WHAT YOU ARE ASKED TO DO:
Your task is to transcribe all of the data below exactly, omitting the images.

[EXTRACTED RECORDS Boundary: Start]

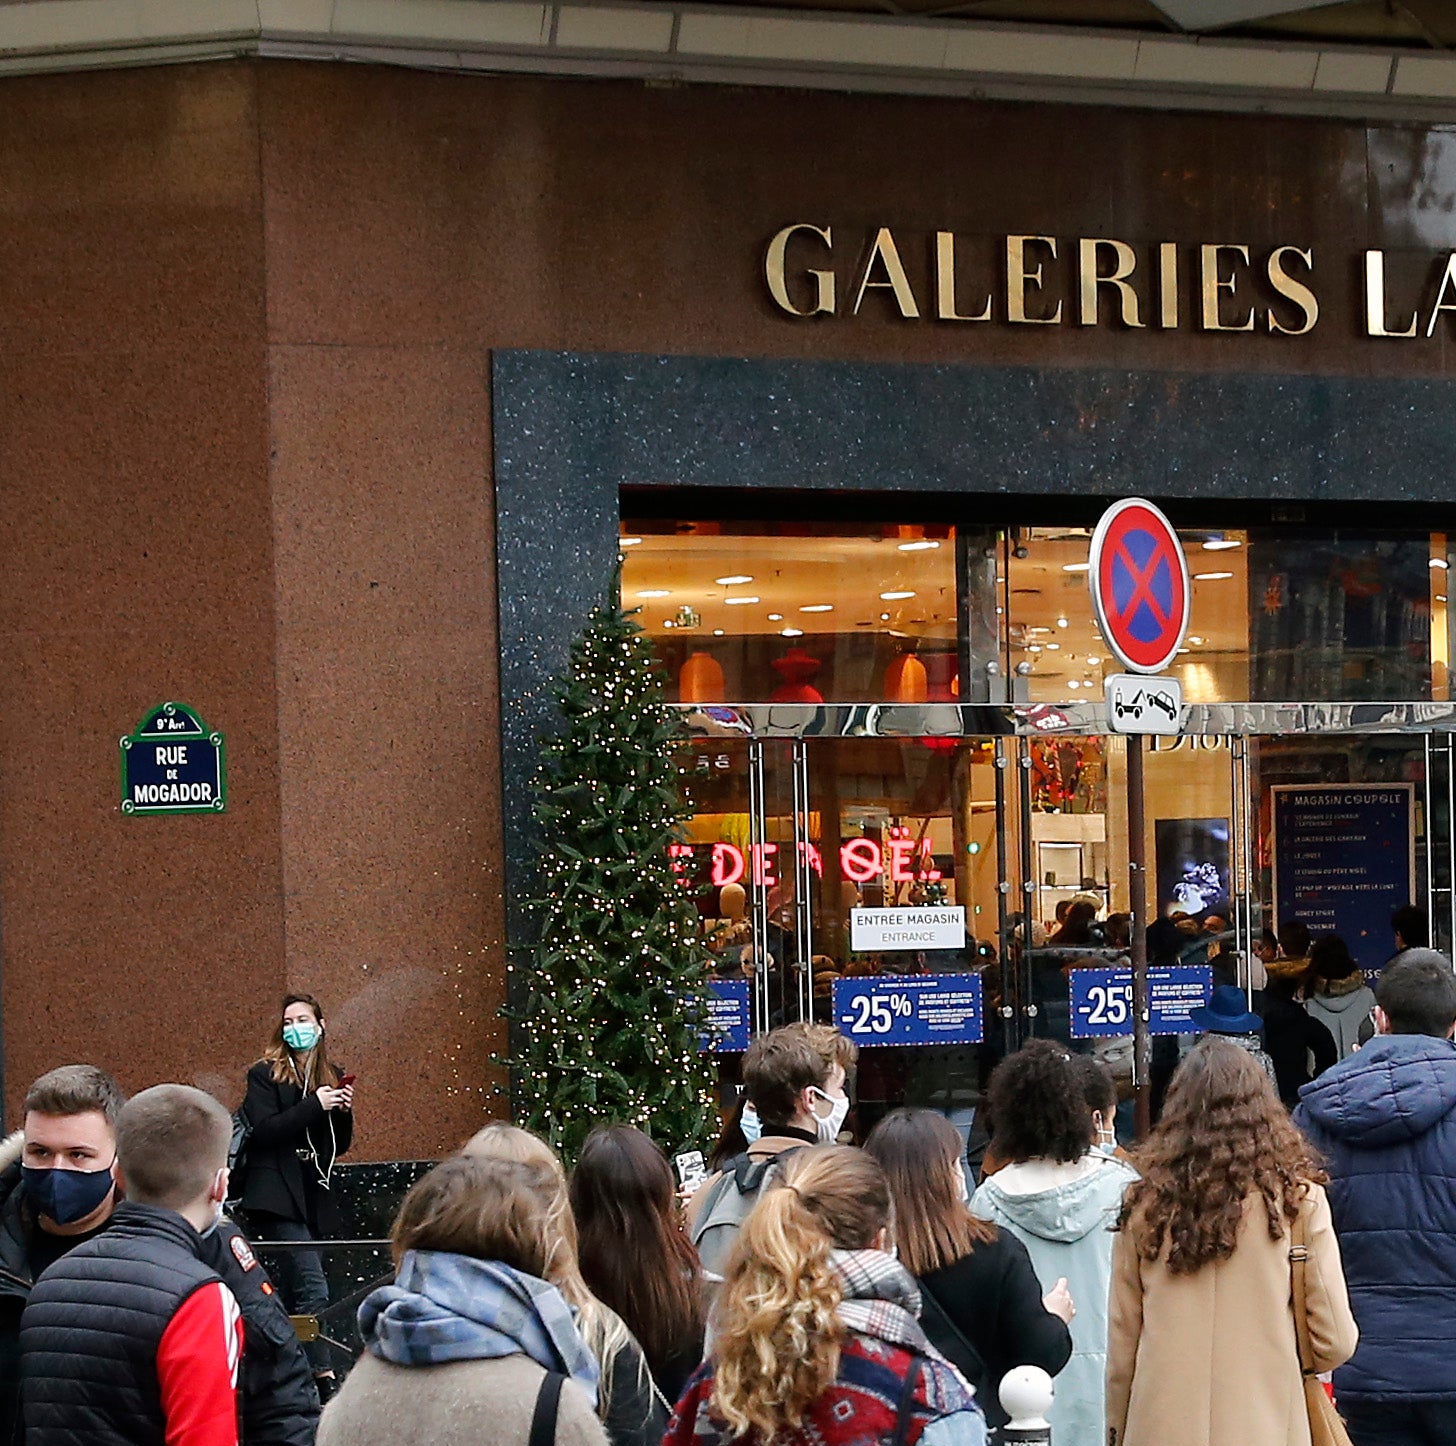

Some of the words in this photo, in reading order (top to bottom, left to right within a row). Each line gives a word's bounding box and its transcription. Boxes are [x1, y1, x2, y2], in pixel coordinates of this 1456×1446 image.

[765, 223, 1320, 336] GALERIES
[155, 746, 188, 765] RUE
[166, 769, 178, 780] DE
[134, 783, 212, 803] MOGADOR
[1295, 796, 1342, 805] MAGASIN
[1344, 794, 1401, 804] COUPOLE
[711, 843, 778, 886] DE
[857, 913, 903, 926] ENTRÉE
[907, 913, 960, 925] MAGASIN
[882, 931, 935, 942] ENTRANCE
[842, 993, 912, 1034] -25%

[EXTRACTED RECORDS Boundary: End]

YOUR SOLUTION:
Some of the words in this photo, in reading order (top to bottom, left to right within a row). Each line gives a word's bounding box and its transcription. Boxes are [x1, y1, x2, y2], in pixel coordinates of this 1456×1446 image.

[765, 223, 1320, 336] GALERIES
[155, 746, 188, 765] RUE
[166, 769, 178, 780] DE
[134, 783, 212, 803] MOGADOR
[1295, 796, 1342, 805] MAGASIN
[1344, 794, 1401, 804] COUPOLE
[711, 843, 778, 886] DE
[857, 913, 903, 926] ENTRÉE
[907, 913, 960, 925] MAGASIN
[882, 931, 935, 942] ENTRANCE
[842, 993, 912, 1034] -25%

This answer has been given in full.